• AIM OF THE TASK: From the first line to the last, copy the listing exactly and omit the pictures.
● ● ● ● ●
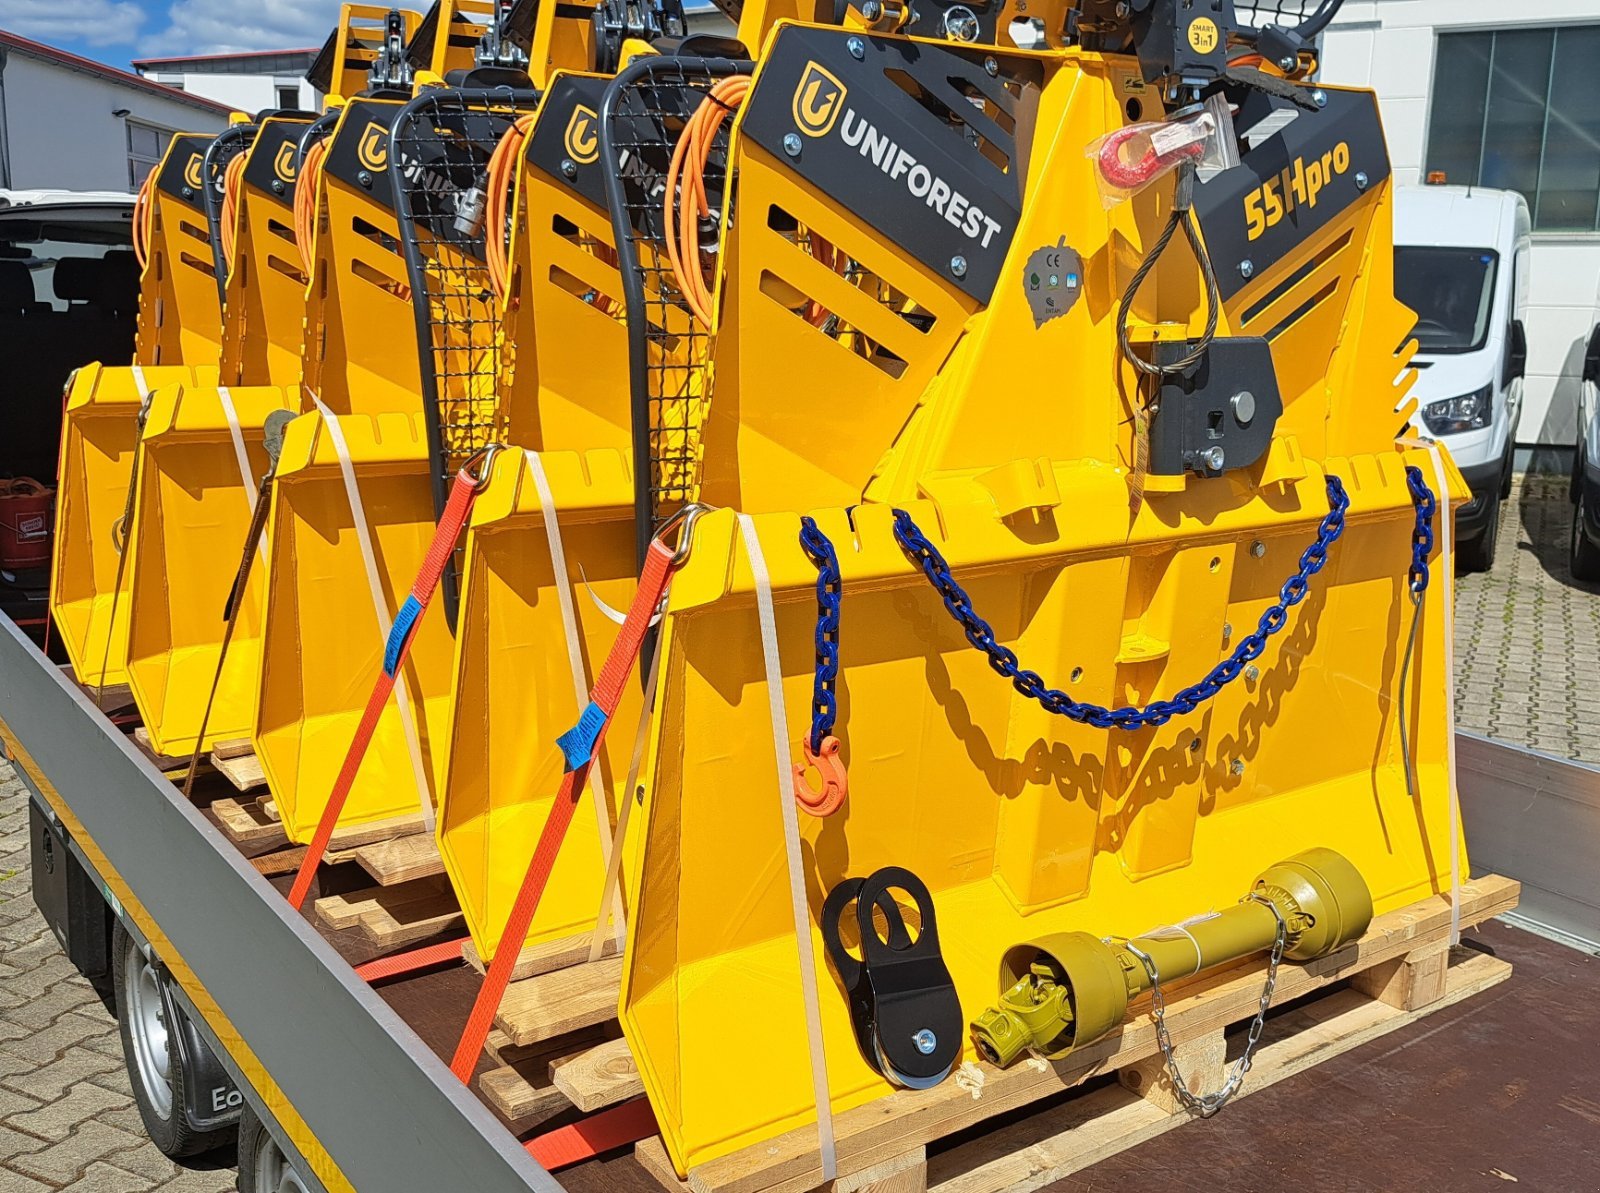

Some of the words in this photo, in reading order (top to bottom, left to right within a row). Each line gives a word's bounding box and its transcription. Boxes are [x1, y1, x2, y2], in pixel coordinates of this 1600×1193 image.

[1192, 24, 1214, 32] SMART
[841, 108, 1001, 249] UNIFOREST
[1243, 142, 1350, 241] 55Hpro
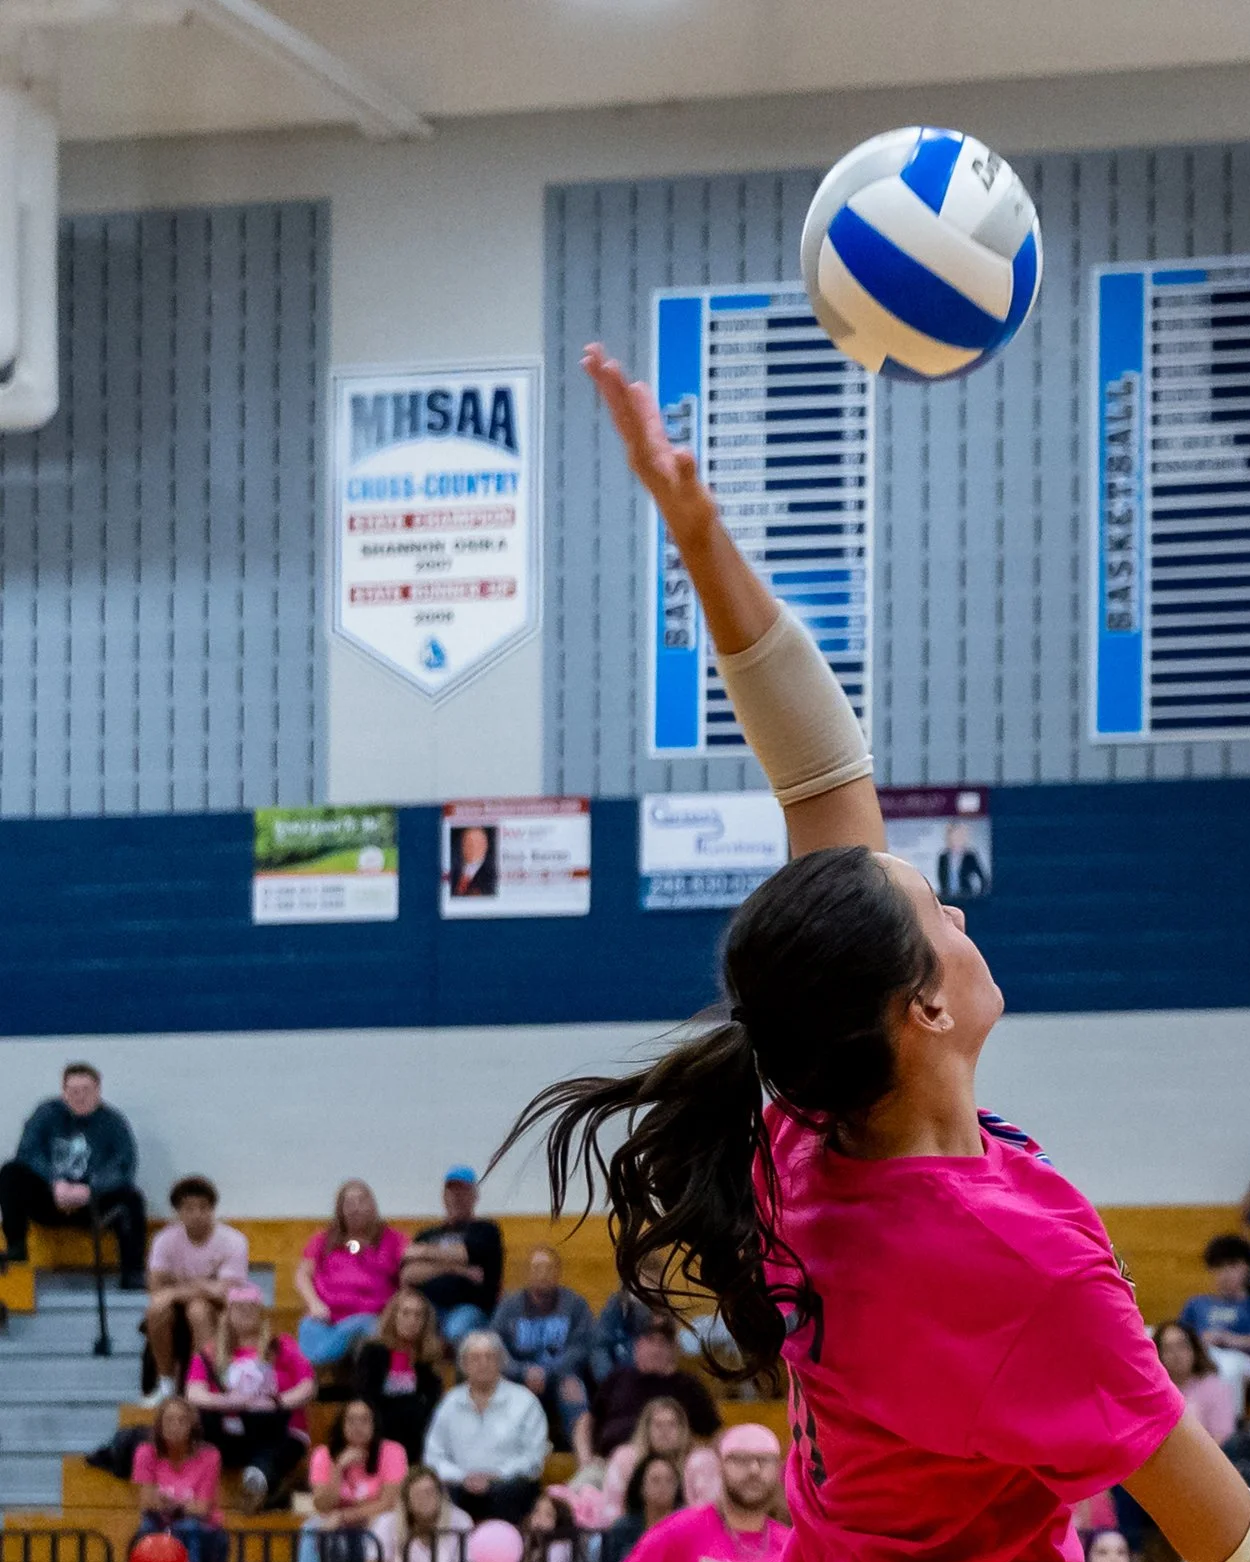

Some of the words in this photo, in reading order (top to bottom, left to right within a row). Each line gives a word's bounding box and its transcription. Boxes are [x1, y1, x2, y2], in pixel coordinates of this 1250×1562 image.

[350, 386, 518, 463] MHSAA
[348, 471, 519, 501] CROSS-COUNTRY
[1106, 380, 1133, 632] BASKETBALL
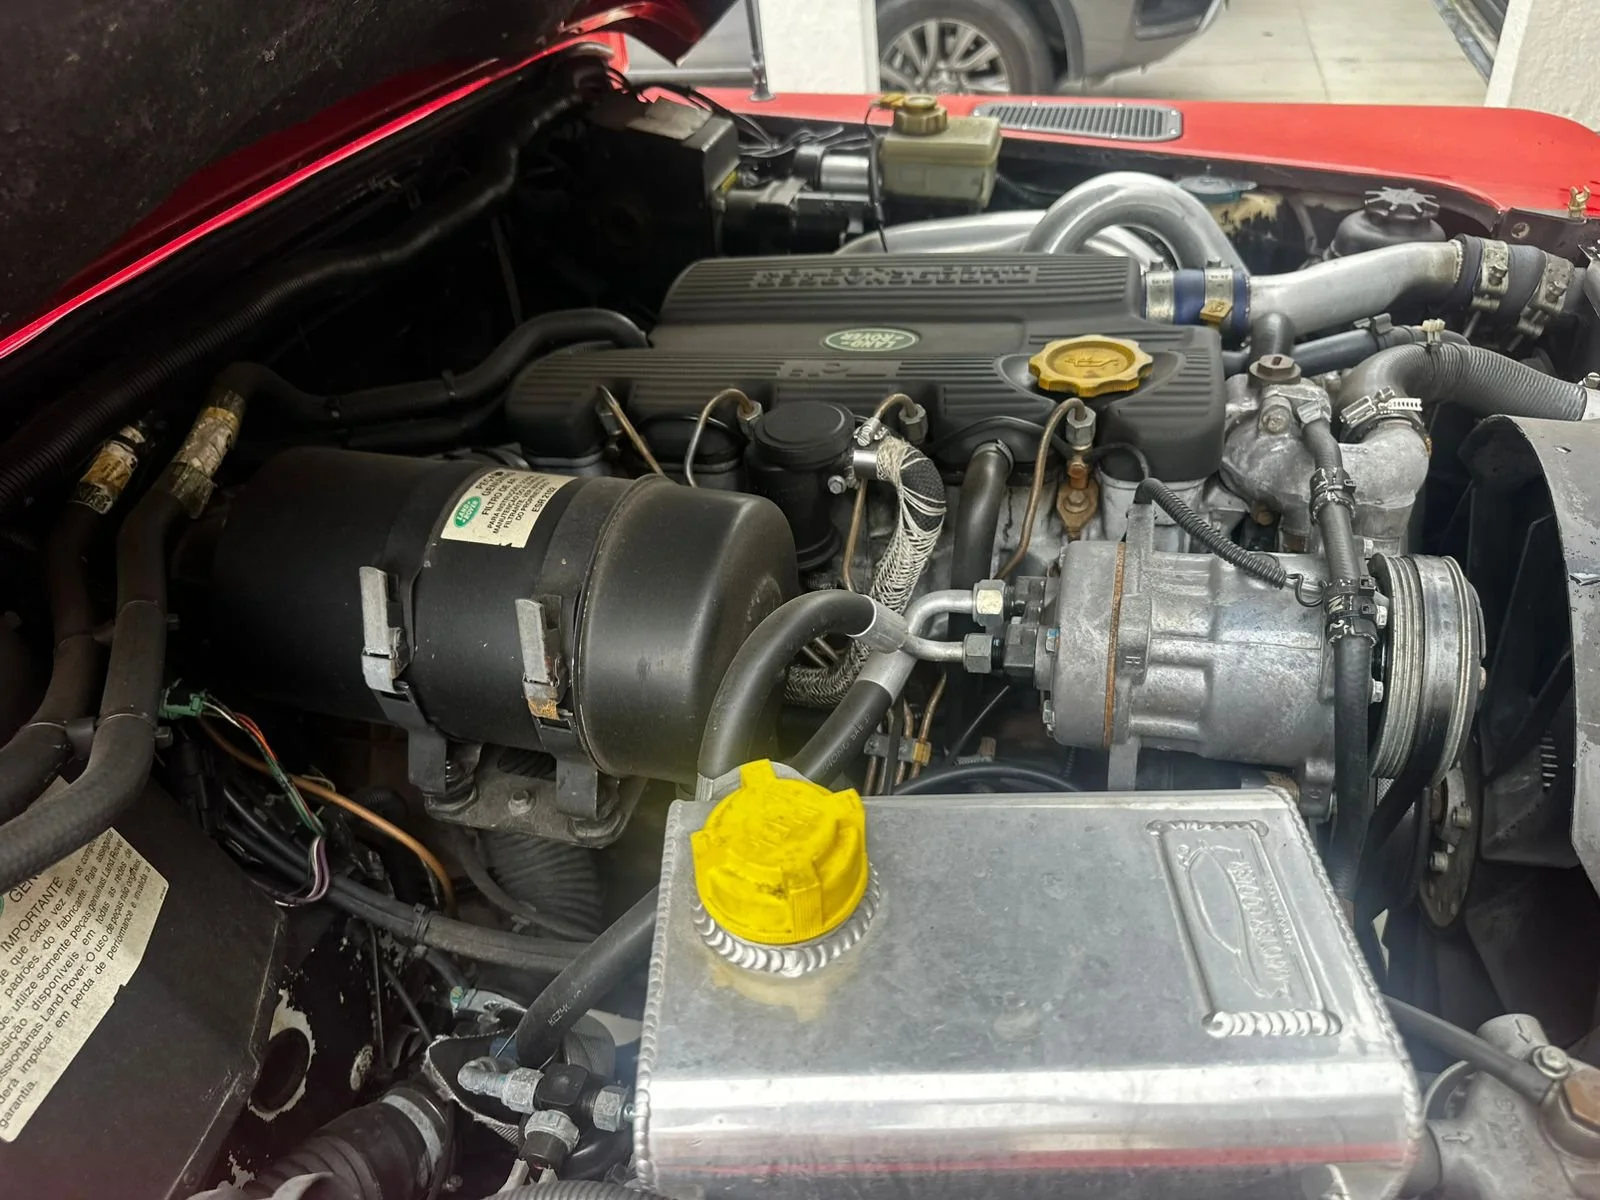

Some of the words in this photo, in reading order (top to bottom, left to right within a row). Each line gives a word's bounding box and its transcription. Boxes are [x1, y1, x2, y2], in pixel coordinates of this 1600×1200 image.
● ● ● ● ●
• TASK RESPONSE:
Some of the words in this photo, in reading order (top to bottom, left to right within a row). Each line gives a word's bounding box and its transcription. Boxes are [x1, y1, x2, y2], in pixel coordinates of this 1600×1193 image.

[1192, 24, 1214, 32] SMART
[841, 108, 1001, 249] UNIFOREST
[1243, 142, 1350, 241] 55Hpro

Some of the words in this photo, in reading order (top to bottom, left to right within a row). Each line gives a word's bounding box and its transcription. Boxes are [x1, y1, x2, y2], in pixel coordinates of this 1250×1562 image.

[350, 386, 518, 463] MHSAA
[348, 471, 519, 501] CROSS-COUNTRY
[1106, 380, 1133, 632] BASKETBALL

Some of the words in this photo, in reading order (top to bottom, left to right within a row). Each line gives a word's bounding box and its transcription. Boxes are [x1, y1, x2, y2], in pixel coordinates of this 1600×1200 image.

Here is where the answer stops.